Some years, ADs decided all games would count toward seeding to each league’s state-qualifying tournaments. 

That meant a 6A vs. 5A game meant as much as a 6A vs. 6A game. 

Last year, 5A Lakeland’s girls basketball team swept 5A Sandpoint in its two league matchups. But Sandpoint did better against the 6As than Lakeland, and earned the right to host the district playoffs, where Sandpoint beat Lakeland twice at home to advance to state. 

Lakeland stayed home. 


SO THIS year, ADs changed it up. 

The 6A vs. 5A games still counted — but only as the first tiebreaker, if teams were tied in their respective 6A IEL and 5A IEL leagues, and they split their league matchups. 

When 5A Lewiston’s boys won at 6A Post Falls a couple of weeks ago, that assured Lake City of the top seed in the 6A District 1 tournament. 

Lake City and Post Falls tied for the 6A IEL title with 3-1 records and split their two league meetings. Lake City won the point-differential tiebreaker over Post Falls, which would have been used had both teams swept their four games vs. 5A IEL schools. 

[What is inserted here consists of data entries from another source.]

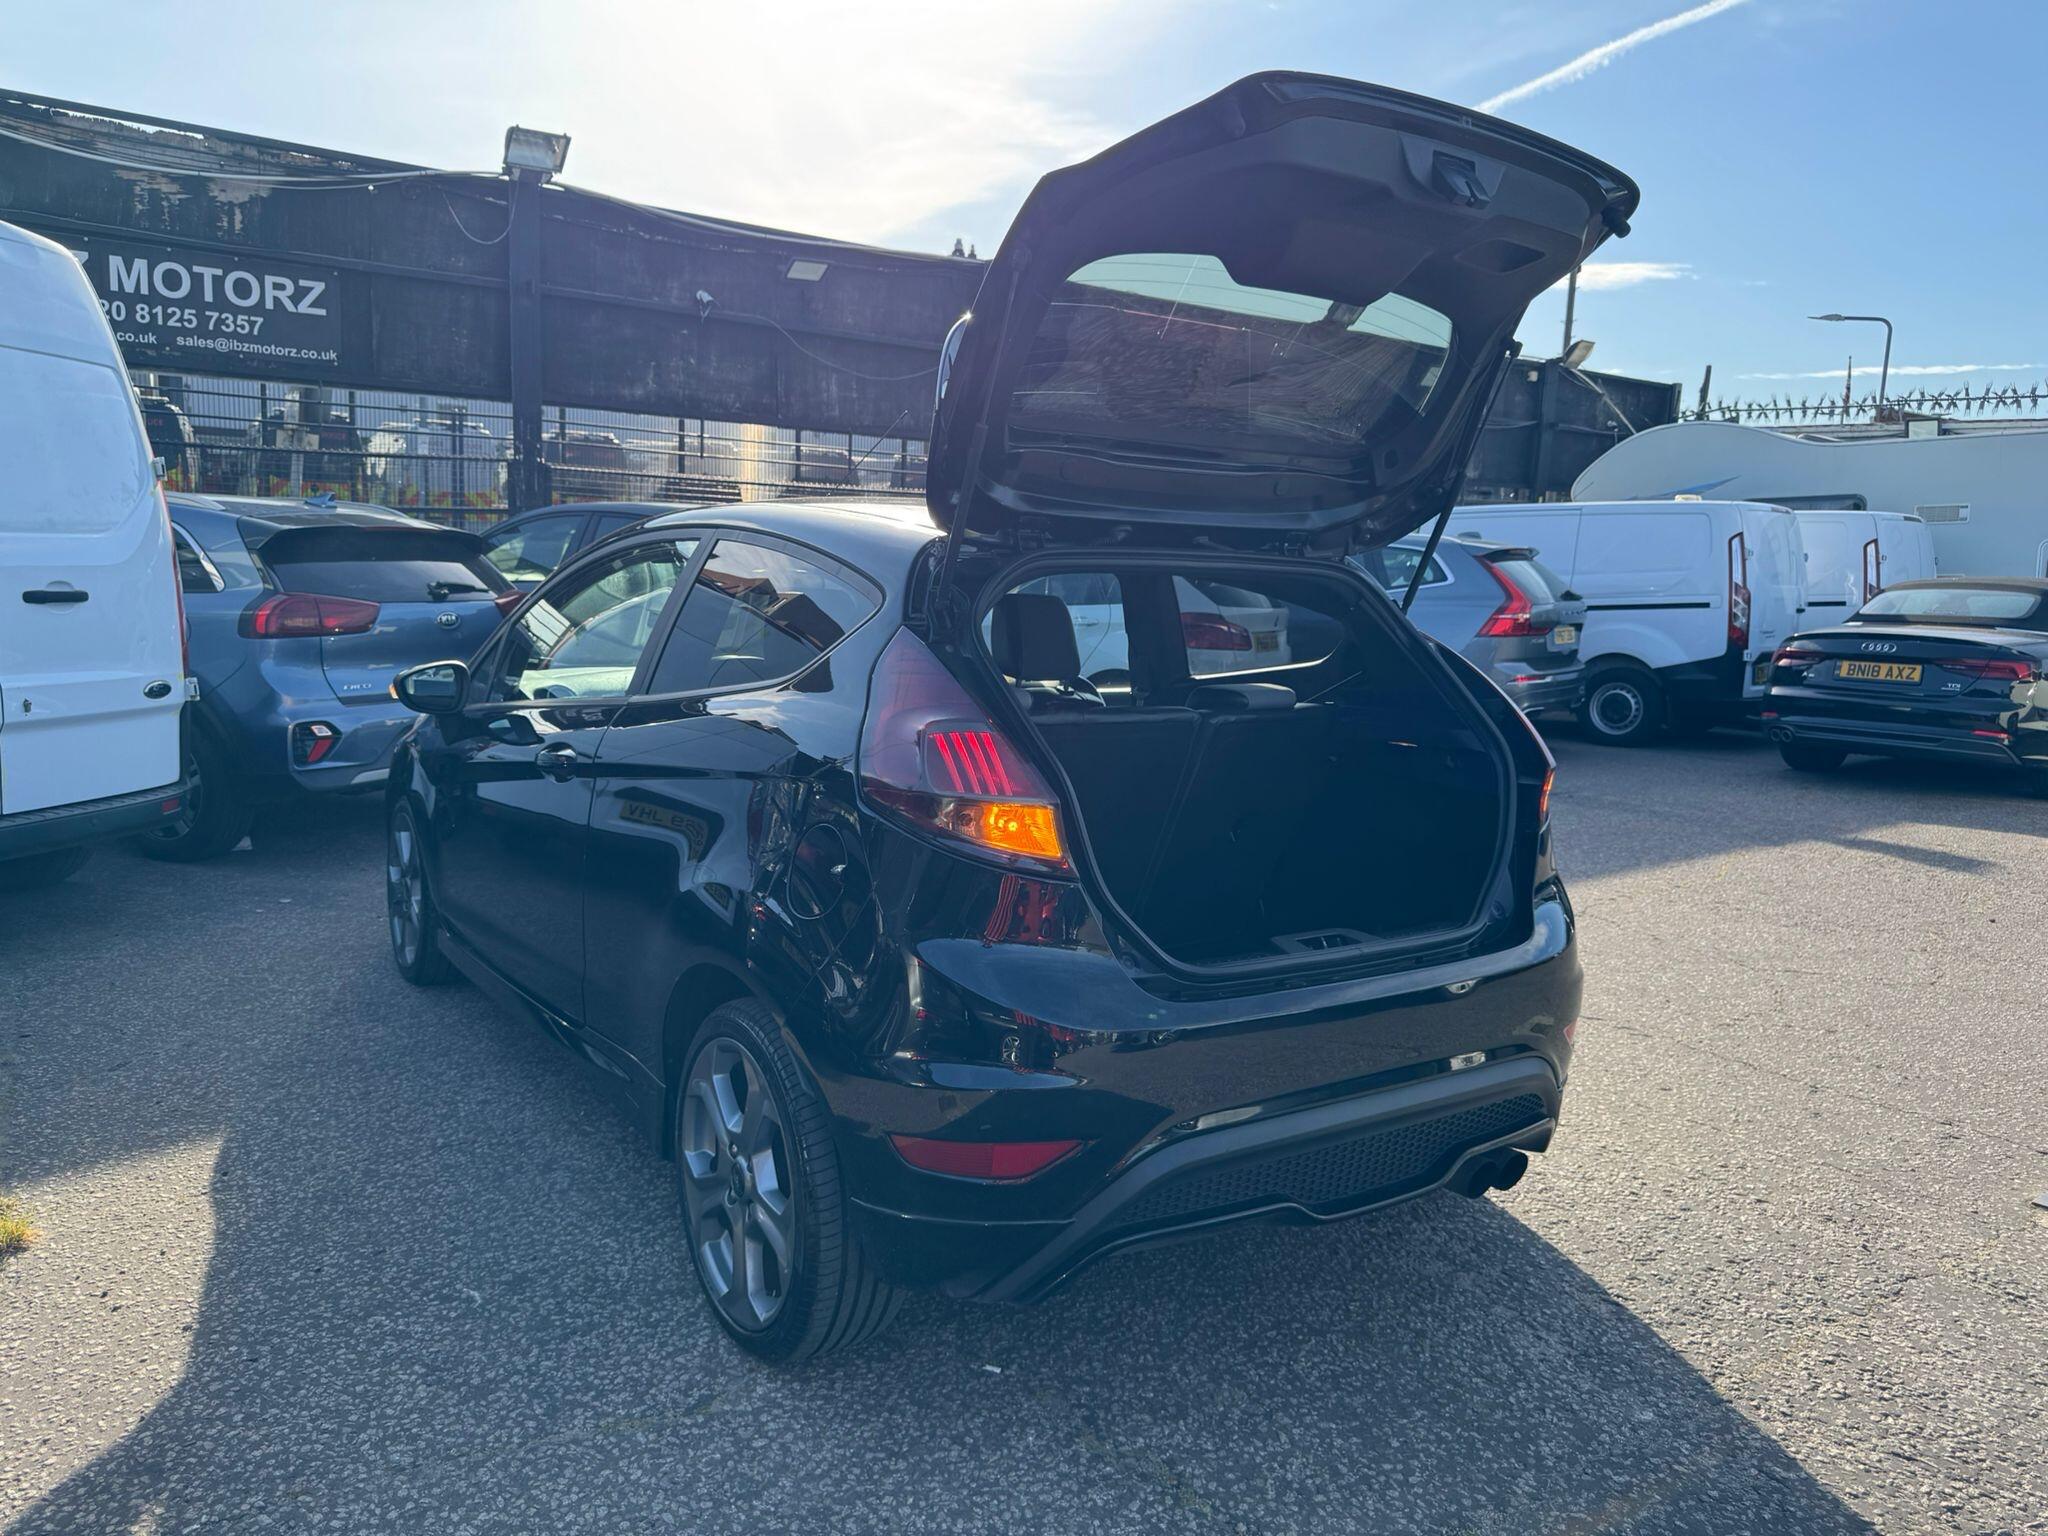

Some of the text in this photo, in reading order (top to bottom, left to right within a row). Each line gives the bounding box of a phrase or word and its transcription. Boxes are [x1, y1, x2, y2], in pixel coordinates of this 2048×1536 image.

[108, 254, 327, 316] MOTORZ
[135, 306, 198, 330] 8125
[205, 311, 264, 336] 7357
[176, 335, 338, 361] sales@ibzmotorz.co.uk
[1846, 663, 1917, 681] BN18 AXZ

And the coaches knew going in the importance of these “crossover” games. 

"I’ve got smart kids; high IQ,” Post Falls boys coach Jayson Ulrich said. "We try to talk through as many scenarios as possible, and what every game means. You have to take care of the 5As, that’s the deal.” 

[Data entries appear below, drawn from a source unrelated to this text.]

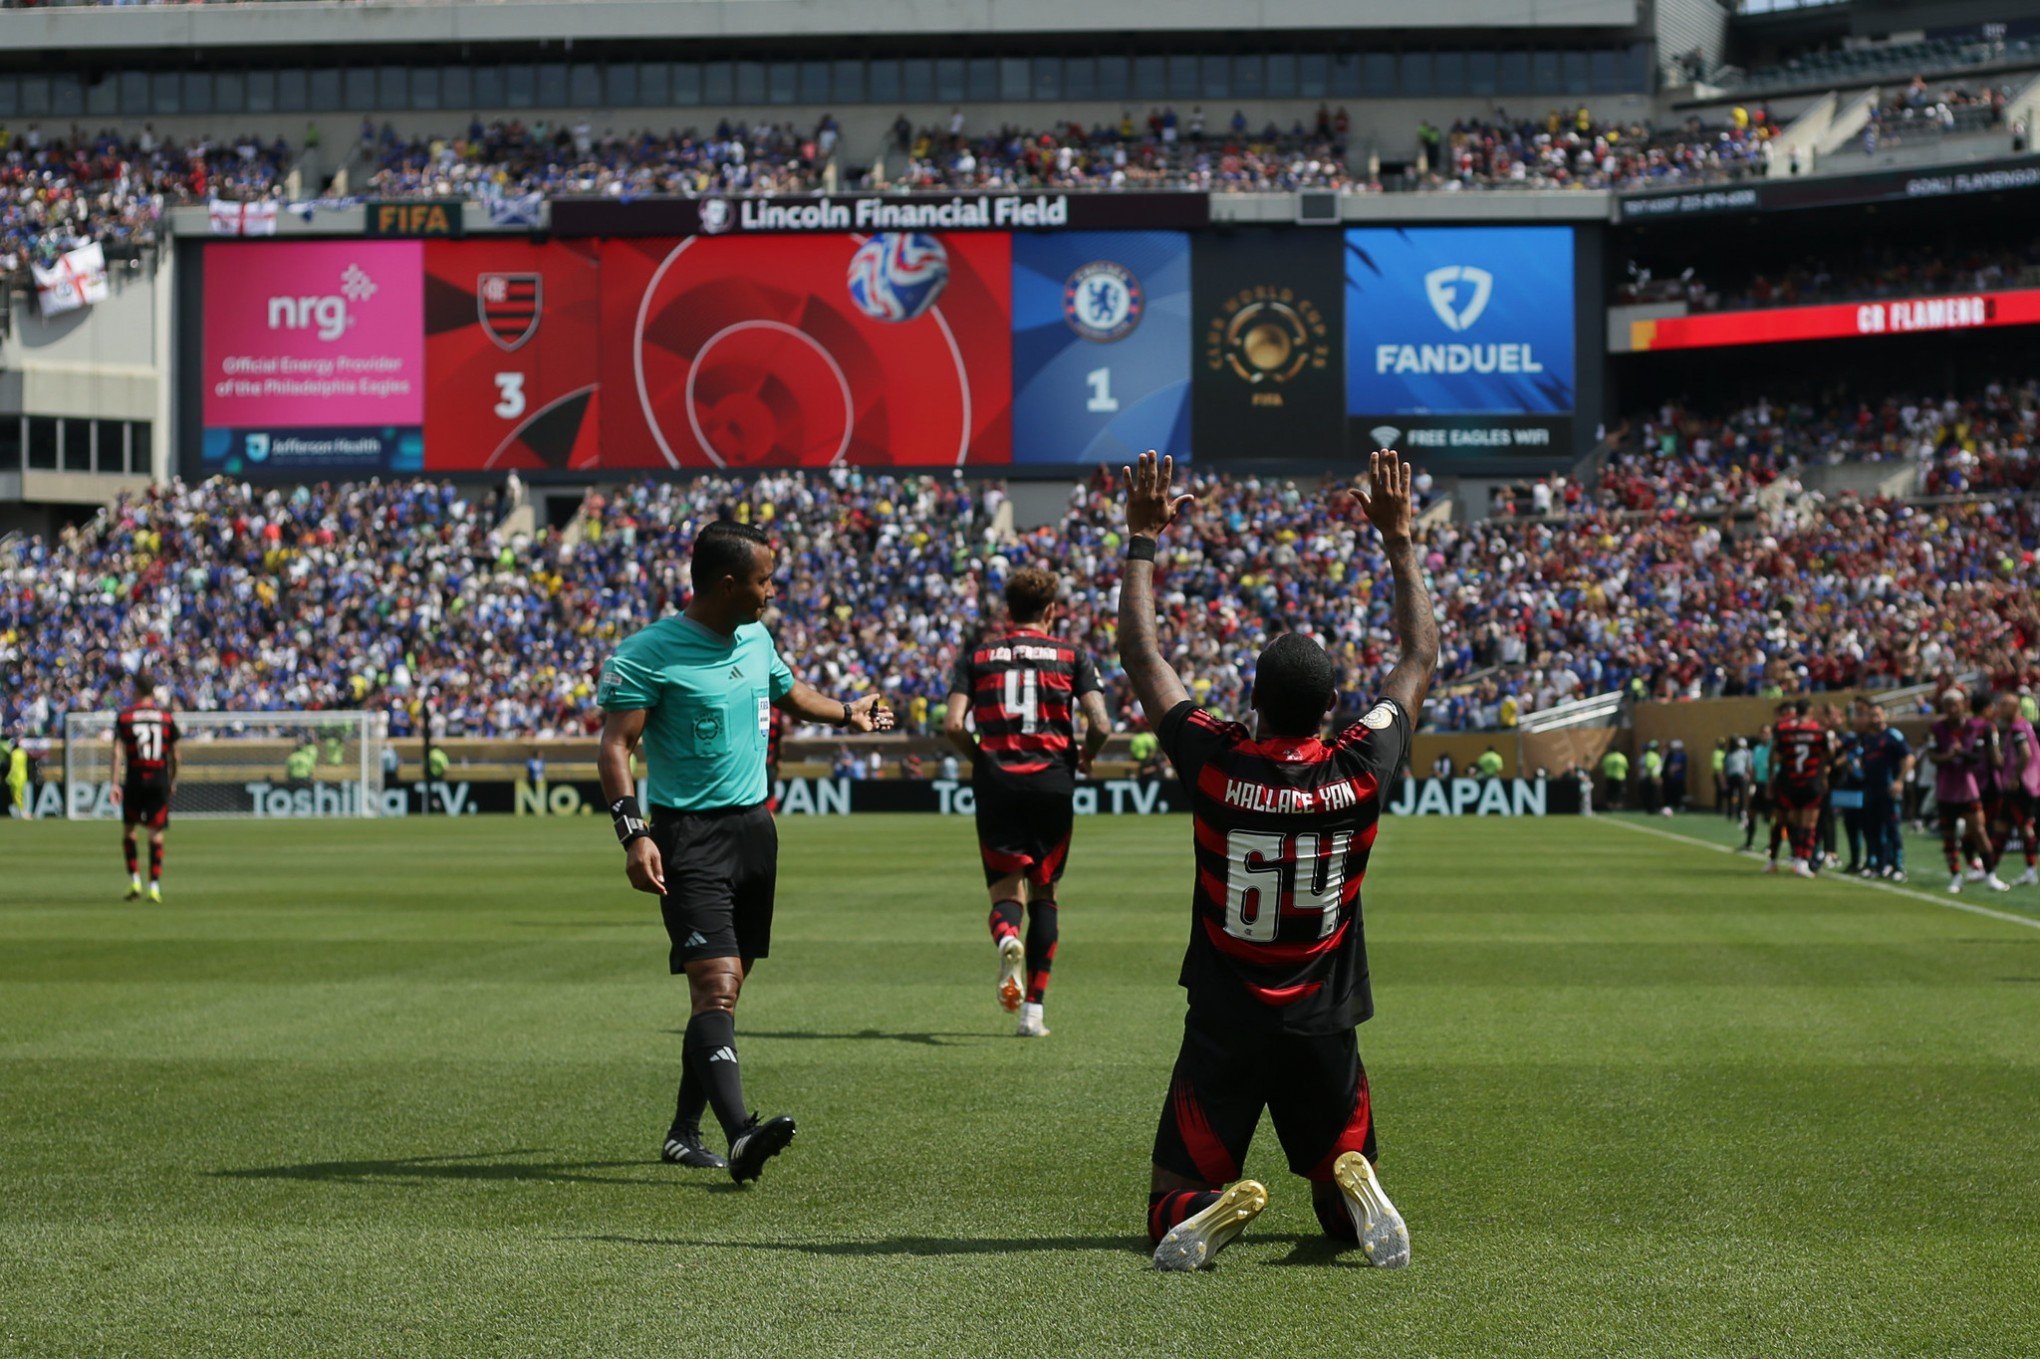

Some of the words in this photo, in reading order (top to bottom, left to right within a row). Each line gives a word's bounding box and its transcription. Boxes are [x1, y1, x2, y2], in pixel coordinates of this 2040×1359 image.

[379, 205, 448, 233] FIFA
[741, 198, 849, 229] Lincoln
[855, 195, 990, 228] Financial
[994, 195, 1067, 226] Field
[223, 356, 275, 374] Official
[280, 356, 333, 375] Energy
[337, 356, 401, 374] Provider
[1376, 344, 1543, 374] FANDUEL
[215, 381, 232, 396] of
[235, 379, 261, 394] the
[265, 379, 355, 396] Philadelphia
[359, 379, 410, 396] Eagles
[494, 372, 525, 418] 3
[1087, 367, 1118, 412] 1
[1407, 429, 1447, 446] FREE
[1451, 429, 1511, 445] EAGLES
[1004, 669, 1038, 735] 4
[132, 723, 162, 761] 21
[8, 780, 123, 820] JAPA
[514, 778, 592, 817] No.
[1105, 780, 1168, 815] TV.
[1225, 779, 1315, 814] WALLACE
[1320, 781, 1356, 812] YAN
[1389, 778, 1546, 816] JAPAN
[1223, 829, 1354, 943] 64

So that meant Lake City would have had to lose at least once to the 5A schools for Post Falls to have a chance at the top seed. But once Lewiston beat the Trojans, that clinched it for Lake City. 

Lewiston, as it turned out, went 2-1 vs. the 6A IEL schools, also winning at Coeur d’Alene. The Bengals used to be in the state’s top classification, but dropped to 5A in 2024, the first year of the latest two-year classification cycle. 

Sandpoint also could have affected the 6A IEL race. The Bulldogs gave Post Falls all it wanted before the Trojans prevailed at home, 68-66. Sandpoint also played two close games vs. Coeur d’Alene, one a true “nonleague game.” 

“For us to compete against these 6As like we have ... it's making us better," Sandpoint boys coach Will Love, the former Bulldog girls coach, told the Bonner County Daily Bee. 

(For consistency’s sake, this year all the 6A vs. 5A boys games were played at the 6A school; all the girls games were at the 5A school.) 


ON THE girls’ side, Coeur d’Alene rolled through the 6A IEL, sweeping Post Falls and Lake City. But Moscow gave the bigger schools fits, beating Post Falls, losing by just three to Coeur d’Alene, and taking Lake City to overtime. But because there were no ties in the 6A IEL, those results weren’t needed. 

Sandpoint’s girls, who reached the state 5A championship game last weekend, lost by just nine points to Coeur d’Alene, which reached the 6A semifinals, and beat Post Falls and Lake City. 

Lakeland, which finished third in 5A, lost by 11 to Coeur d’Alene, and beat Post Falls and Lake City. 

So while in the end, the 6A vs. 5A games didn’t necessarily impact seeding for the state-qualifying tournaments, they could have, which was the intention of the ADs setting the tiebreakers up the way they did.

And even better, many of the games were competitive, which hasn’t always been the case.